Filmkritik: Diese Familie hat einen Vogel

69e Festival de Cannes 2016
Bei Bond war's aufregender.
Bei Bond war's aufregender. © Praesens Film

Nach zwölf Jahren Abwesenheit kehrt der erfolgreiche Dramatiker Louis (Gaspard Ulliel) zu seiner Familie zurück, die in einem abgelegenen französischen Landhaus lebt: zu seiner Mutter (Nathalie Baye), seiner jüngsten Schwester Suzanne (Léa Seydoux), seinem Bruder Antoine (Vincent Cassel) und dessen Ehefrau Catherine (Marion Cotillard), die er zum ersten Mal sieht. Louis ist aus einem ganz bestimmten Grund zurückgekehrt: Er ist schwer erkrankt und weiss, dass er sterben wird. Nun will er also die Hiobsbotschaft seiner Familie mitteilen.

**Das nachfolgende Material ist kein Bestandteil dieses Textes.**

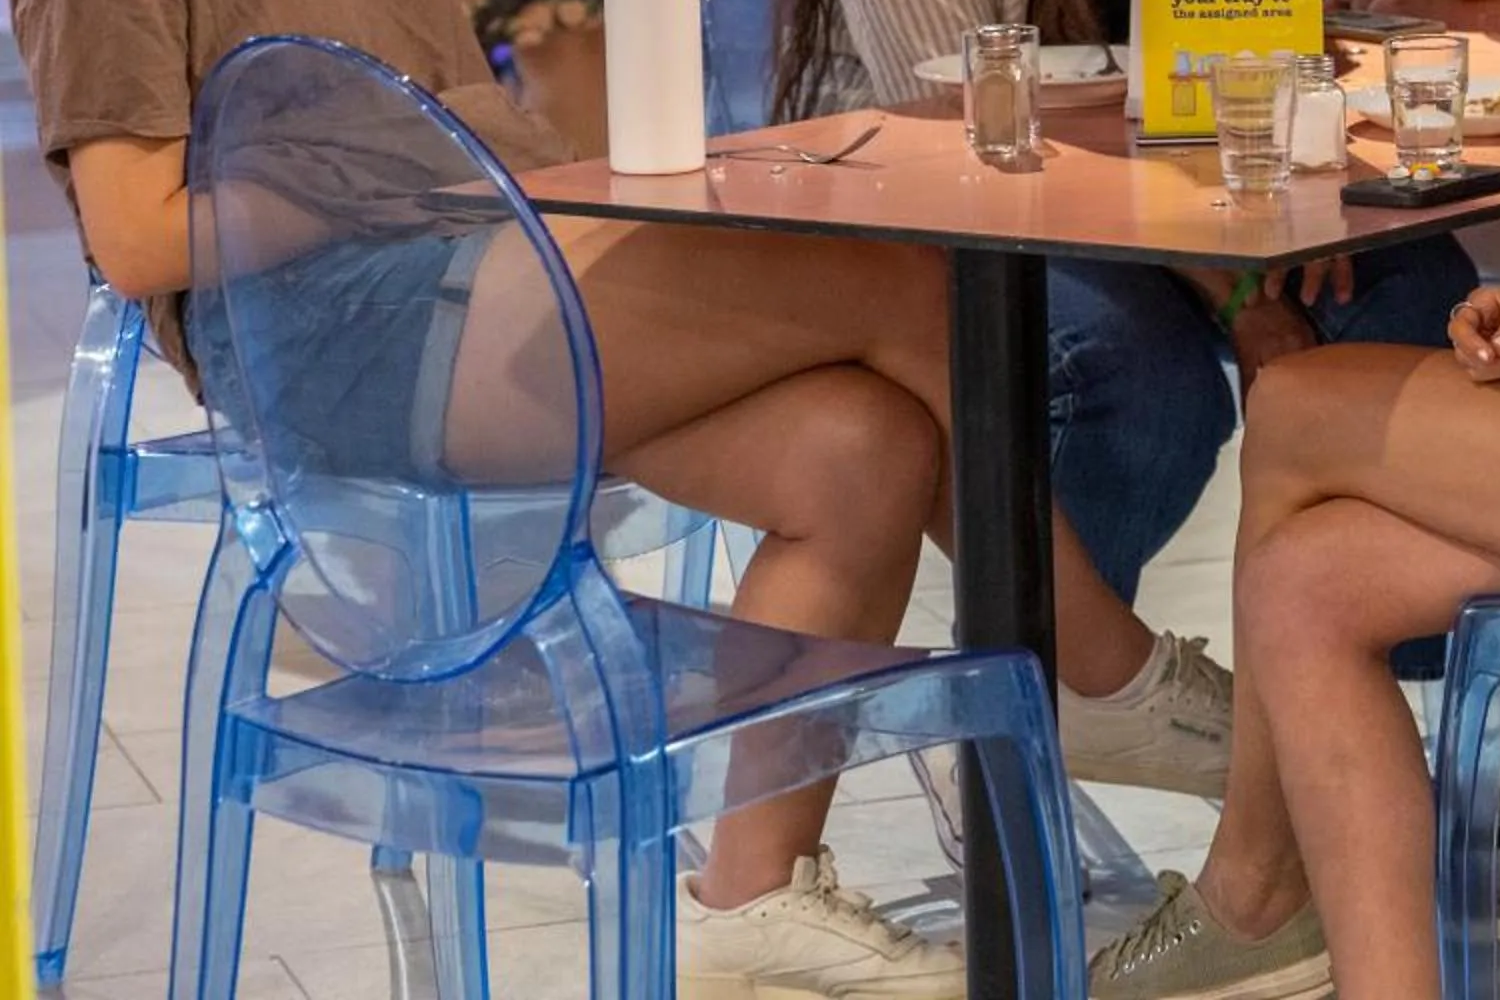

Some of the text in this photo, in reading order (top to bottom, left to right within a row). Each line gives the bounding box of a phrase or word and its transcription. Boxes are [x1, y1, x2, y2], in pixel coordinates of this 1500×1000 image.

[1172, 7, 1292, 20] the assigned area

Gedankenübertragung funktioniert leider noch nicht kabellos.
Gedankenübertragung funktioniert leider noch nicht kabellos. © Praesens Film

Doch was ist der richtige Zeitpunkt dafür? Gleich bei der Begrüssung findet er unpassend, also vielleicht irgendwann nach dem Essen, beim Dessert? Während sich Louis darüber den Kopf zerbricht, überlässt er das Wort erstmal den anderen Familienmitgliedern. Dabei gelangen auch verdrängte Gefühle an die Oberfläche. Vor allem der impulsive Antoine macht Louis implizit Vorwürfe, die Familie damals verlassen zu haben. Nur Catherine, die Louis bis an diesem Nachmittag nicht gekannt hat, scheint frei von Verbitterung ihm gegenüber.

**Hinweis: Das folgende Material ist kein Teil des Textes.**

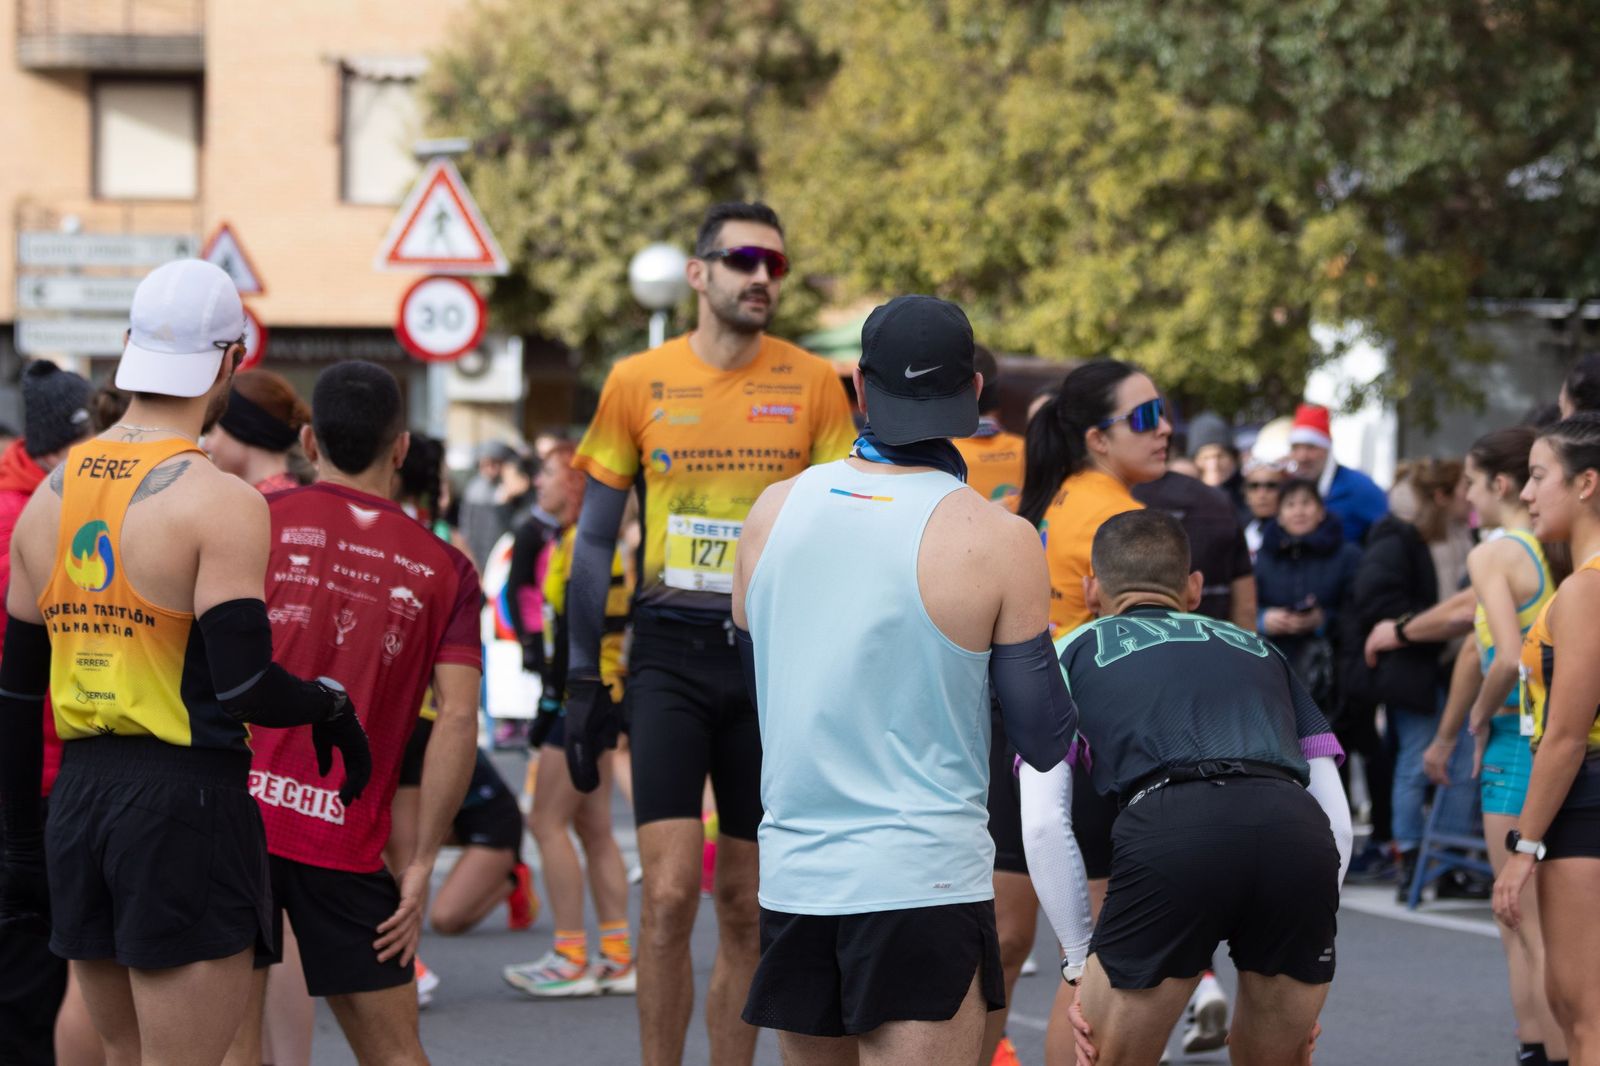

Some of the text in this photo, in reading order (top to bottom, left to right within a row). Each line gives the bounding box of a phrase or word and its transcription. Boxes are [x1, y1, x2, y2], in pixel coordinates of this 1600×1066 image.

Im Vergleich zu Xavier Dolans bisherigen Filmen ist Juste la fin du monde zweifellos emotional distanzierter. Die ambitionierte Verfilmung des gleichnamigen Theaterstückes ist anfänglich schwer zugänglich, auch wegen ihrer Dialoglastigkeit. Es ist dem Starensemble um Marion Cotillard, Léa Seydoux, Nathalie Baye, Gaspard Ulliel und Vincent Cassel zu verdanken, dass dies nicht über die ganze Filmlänge so bleibt und am Ende doch auch noch das Herz ein wenig angesprochen wird. Die ganz grosse Liebe ist Dolans Neuester leider nicht, doch für eine gute Freundschaft reicht es allemal.

Langsam ist es an der Zeit, Xavier Dolan nicht mehr mit obligatorischen Beinamen wie "Regie-Wunderkind" oder "Jungregisseur" zu versehen. Immerhin ist Juste la fin du monde bereits der sechste Film des mittlerweile 27-jährigen Kanadiers und der erste, in dem er eine literarische Vorlage adaptiert - und dann erst noch ein Theaterstück. Die Dialoglastigkeit, der strenge Aufbau und die räumliche Beschränkung scheinen auf den ersten Blick so gar nicht Dolans überschäumendem Talent zu entsprechen.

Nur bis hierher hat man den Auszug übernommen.